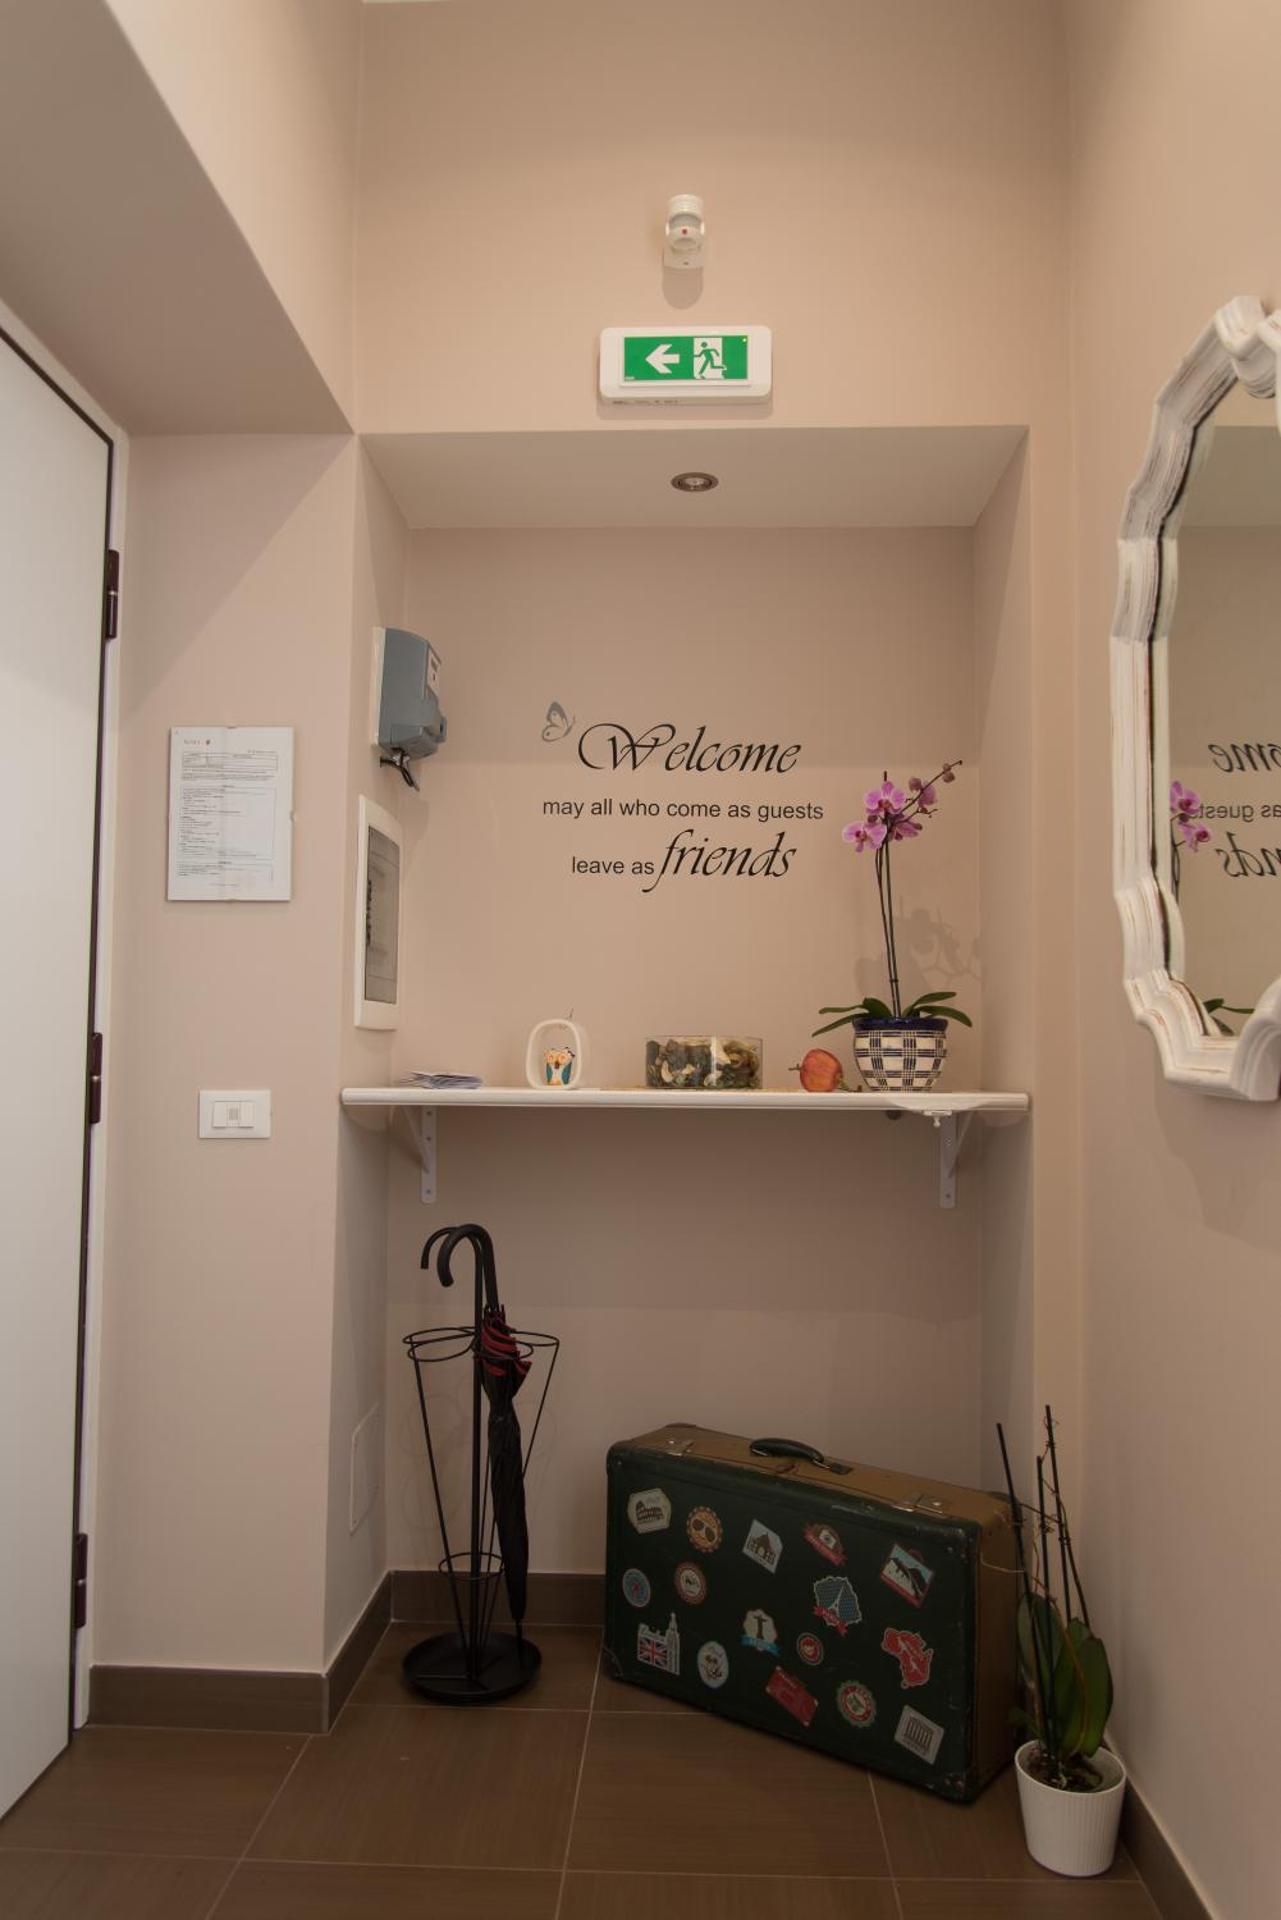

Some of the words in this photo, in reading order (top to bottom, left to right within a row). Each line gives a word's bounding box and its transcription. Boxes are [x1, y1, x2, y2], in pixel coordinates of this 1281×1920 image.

[578, 723, 802, 774] Welcome
[543, 801, 585, 820] may
[591, 797, 613, 816] all
[618, 798, 661, 817] who
[665, 803, 721, 818] come
[727, 805, 751, 819] as
[757, 803, 824, 823] guests
[571, 855, 625, 875] leave
[631, 860, 656, 876] as
[641, 828, 798, 893] friends
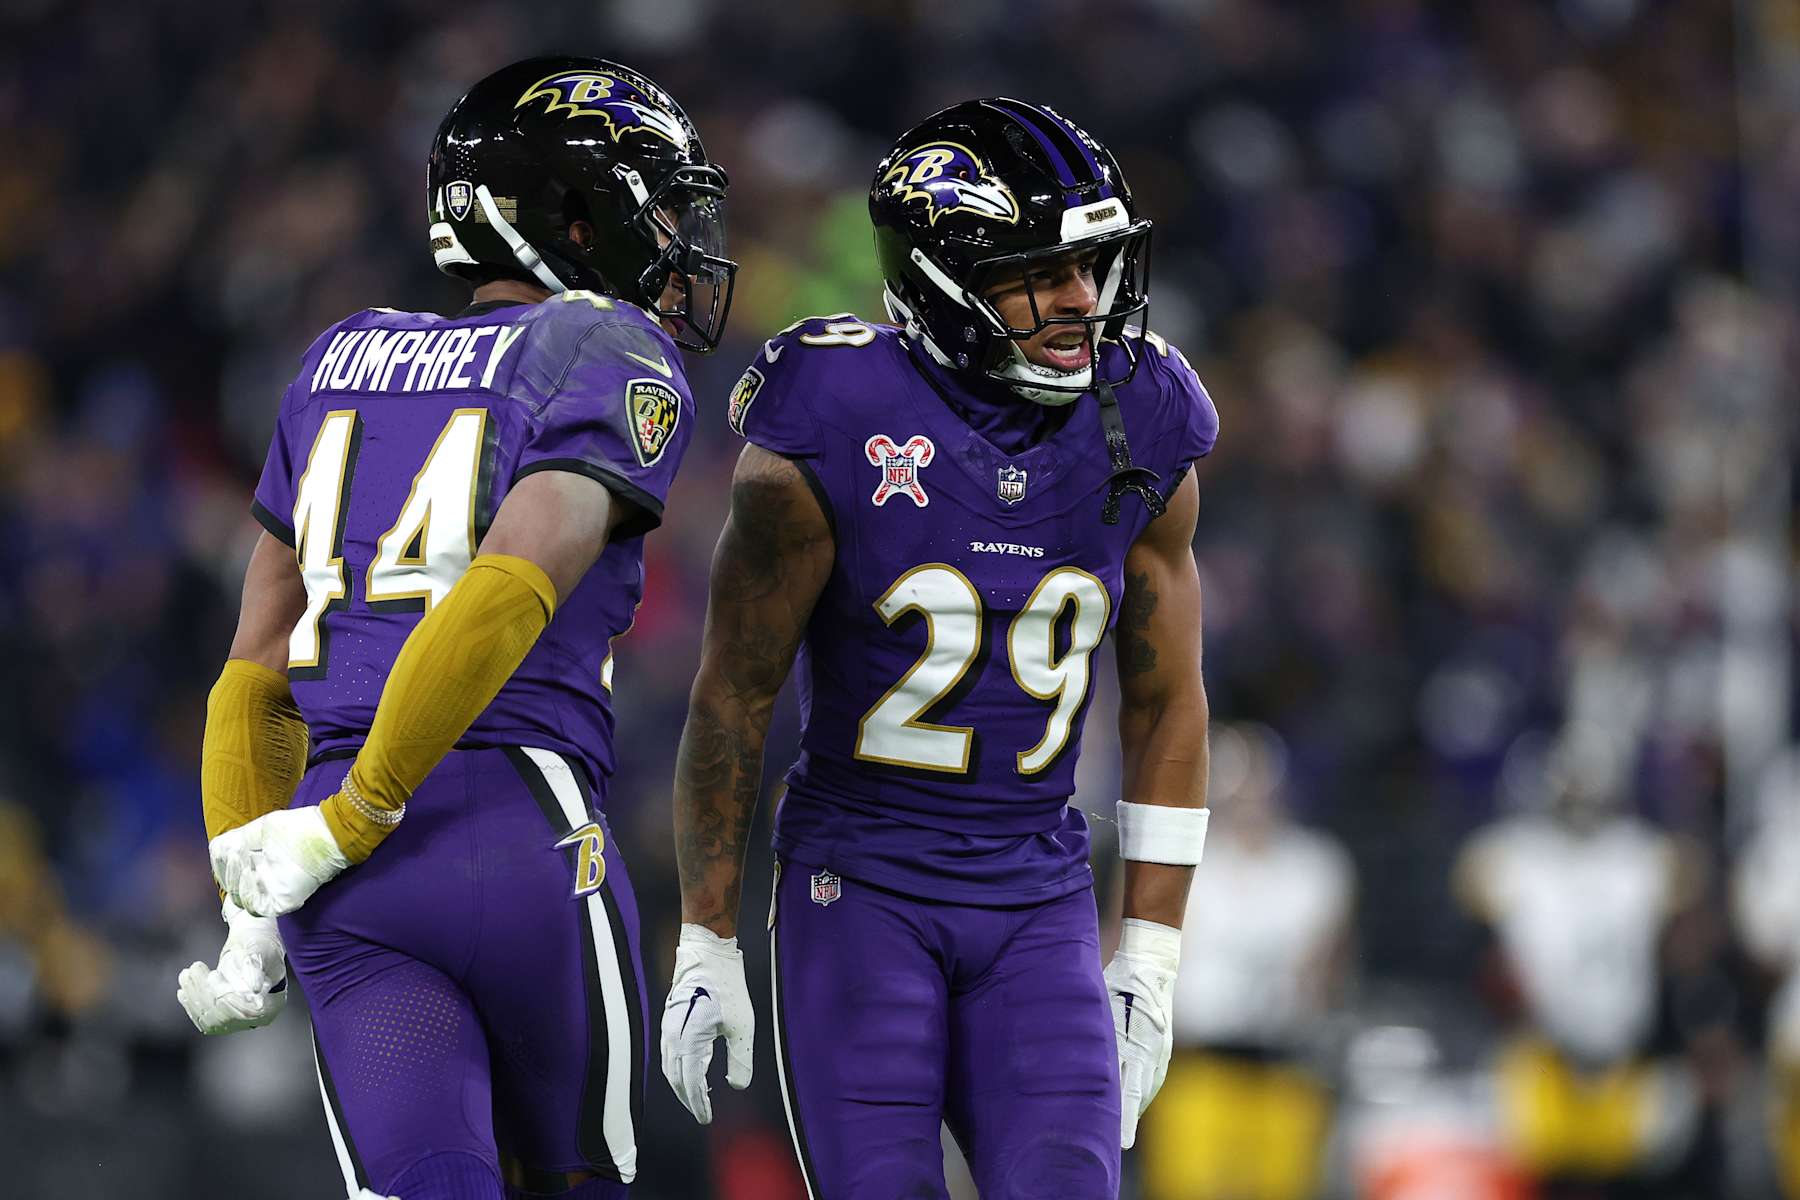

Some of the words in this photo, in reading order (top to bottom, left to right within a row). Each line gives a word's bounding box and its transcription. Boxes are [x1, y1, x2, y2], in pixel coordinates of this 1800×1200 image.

[553, 75, 615, 102] B
[908, 149, 955, 184] B
[1084, 206, 1117, 224] RAVENS
[311, 326, 526, 393] HUMPHREY
[634, 385, 677, 406] RAVENS
[888, 468, 912, 483] NFL
[1001, 481, 1022, 498] NFL
[288, 408, 488, 668] 44
[970, 541, 1044, 558] RAVENS
[854, 562, 1111, 775] 29
[553, 823, 606, 895] B
[816, 885, 838, 899] NFL
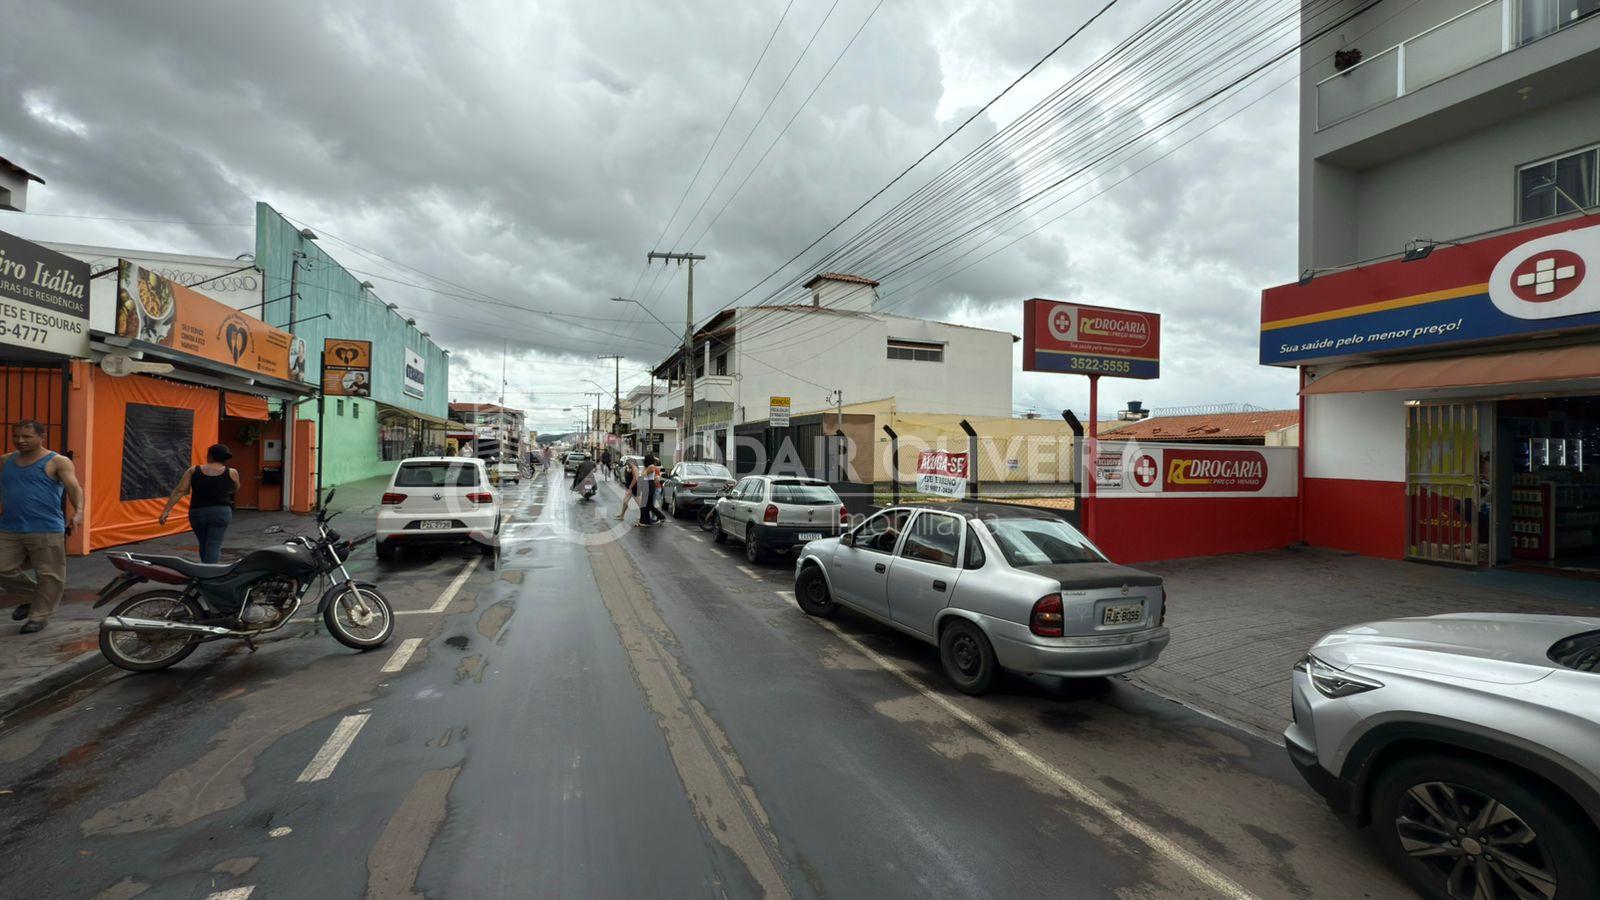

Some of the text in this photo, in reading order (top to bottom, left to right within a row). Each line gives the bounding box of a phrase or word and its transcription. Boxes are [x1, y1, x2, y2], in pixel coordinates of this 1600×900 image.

════

Word for word, copy every line of the data, excluding any pictures.

Some of the words in this photo, in reading order (top to bottom, left to right within a row). Each line gives a word's bounding box and its transcription. Boxes are [x1, y1, x2, y2], in pixel coordinates of this 1281×1920 image.

[578, 723, 802, 774] Welcome
[543, 801, 585, 820] may
[591, 797, 613, 816] all
[618, 798, 661, 817] who
[665, 803, 721, 818] come
[727, 805, 751, 819] as
[757, 803, 824, 823] guests
[571, 855, 625, 875] leave
[631, 860, 656, 876] as
[641, 828, 798, 893] friends

Some of the words in this photo, in reading order (top to bottom, left to right within a row). Each line gives a word's bounding box and its transcription. Boxes are [x1, y1, x2, y2], in pixel coordinates of this 1800×1200 image.

[553, 75, 615, 102] B
[908, 149, 955, 184] B
[1084, 206, 1117, 224] RAVENS
[311, 326, 526, 393] HUMPHREY
[634, 385, 677, 406] RAVENS
[888, 468, 912, 483] NFL
[1001, 481, 1022, 498] NFL
[288, 408, 488, 668] 44
[970, 541, 1044, 558] RAVENS
[854, 562, 1111, 775] 29
[553, 823, 606, 895] B
[816, 885, 838, 899] NFL

Some of the text in this photo, in reading order (top to bottom, left to right within a row). Each line gives the bounding box of a phrase or word and its transcription. Boxes are [x1, y1, x2, y2], in pixel coordinates of this 1600×900 image.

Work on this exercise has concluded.